How Do I Resell Restricted Stock Under Rule 144? l Securities Lawyer 101
It has become routine for public companies and private companies going public to mark their stock certificates with “Restrictive Legends”. Generally, restrictive stock legends state that the securities represented by the stock certificate are not covered by a registration statement under the Securities Act of 1933, as amended (“Securities Act”) and may not be resold unless an exemption from registration is available.
These Legends provide notice to investors that the restricted stock represented by a particular certificate are not covered by a registration statement filed with the Securities & Exchange Commission (“SEC”). As such, the restricted stock may not be resold unless they are registered or an exemption from registration is available for the resale. This blog post addresses the most common questions we receive about restricted legends and restricted stock.

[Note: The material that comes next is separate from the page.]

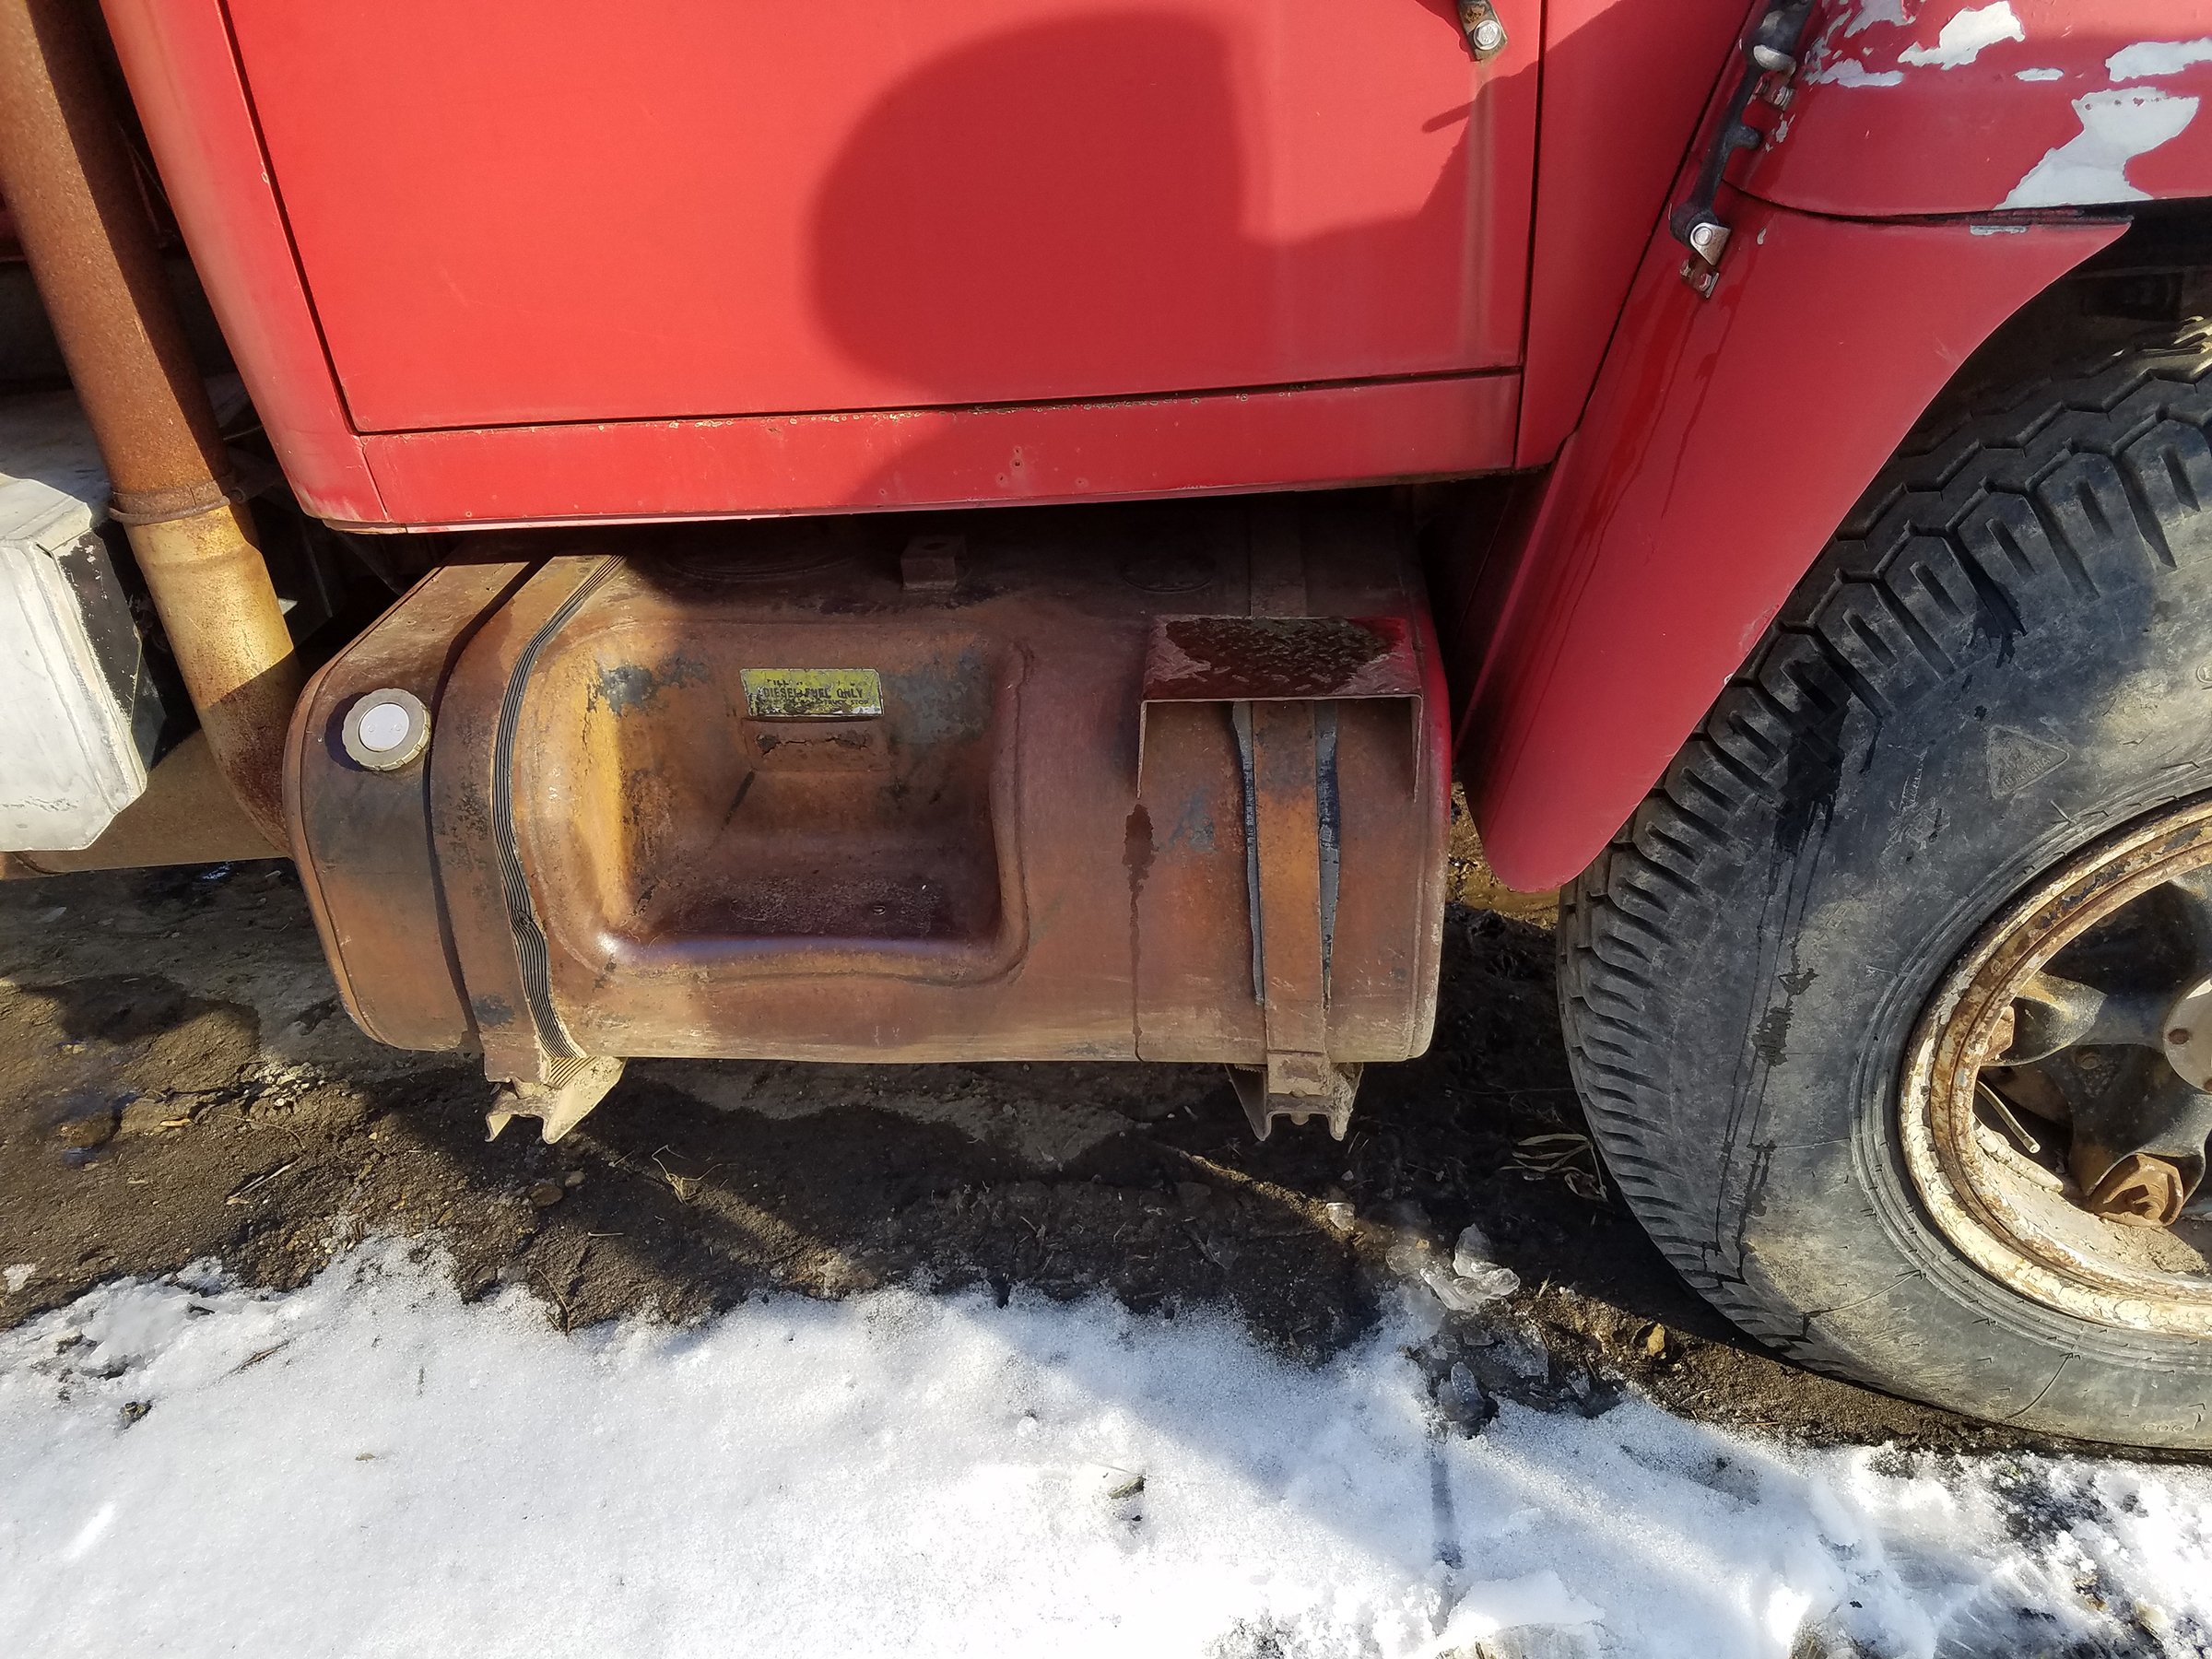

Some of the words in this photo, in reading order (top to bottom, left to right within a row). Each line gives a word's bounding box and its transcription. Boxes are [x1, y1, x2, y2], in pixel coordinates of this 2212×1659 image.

[764, 688, 801, 700] DIESEL
[805, 688, 831, 699] FUEL
[837, 688, 864, 699] ONLY

Where do restricted securities come from?
Restricted securities are frequently issued in private placement offerings under Rule 504, 505 and 506 of Regulation D. Restricted securities are also securities held by a company’s officers, directors and control persons.
A typical Restrictive Legend looks something like this:
“The common shares represented by this certificate have not been registered under the Securities Act of 1933, as amended, or the securities laws of any state of the United States or in any other jurisdiction. The Securities represented hereby may not be offered, sold or transferred in the absence of an effective registration statement for the Securities under applicable securities laws unless offered, sold or transferred pursuant to an available exemption from the registration requirements of those laws.”
When restricted stock becomes eligible for resale under Rule 144, shareholders may remove the restrictive legend from their stock certificates and sell their shares publicly by depositing their shares with their stockbroker. Issuers and transfer agents require that the holder obtain a legal opinion from a securities lawyer as to whether shares are eligible for resale if a holder seeks to sell their shares under Rule 144.
In SEC Release No. 33-8869, the SEC stated with respect to restricted securities that it did not object if issuers remove legends restricted securities held by non-affiliates after all of the applicable conditions in Rule 144 are satisfied. The SEC acknowledged that the decision of whether to remove a legend from restricted securities is a matter solely in the discretion of the issuer of the securities, and that disputes about the removal of legends “are governed by state law or contractual agreements, rather than federal law.” When there is a question about removal of a restrictive legend, issuers seek the advise of a securities attorney as to tradability of the shares.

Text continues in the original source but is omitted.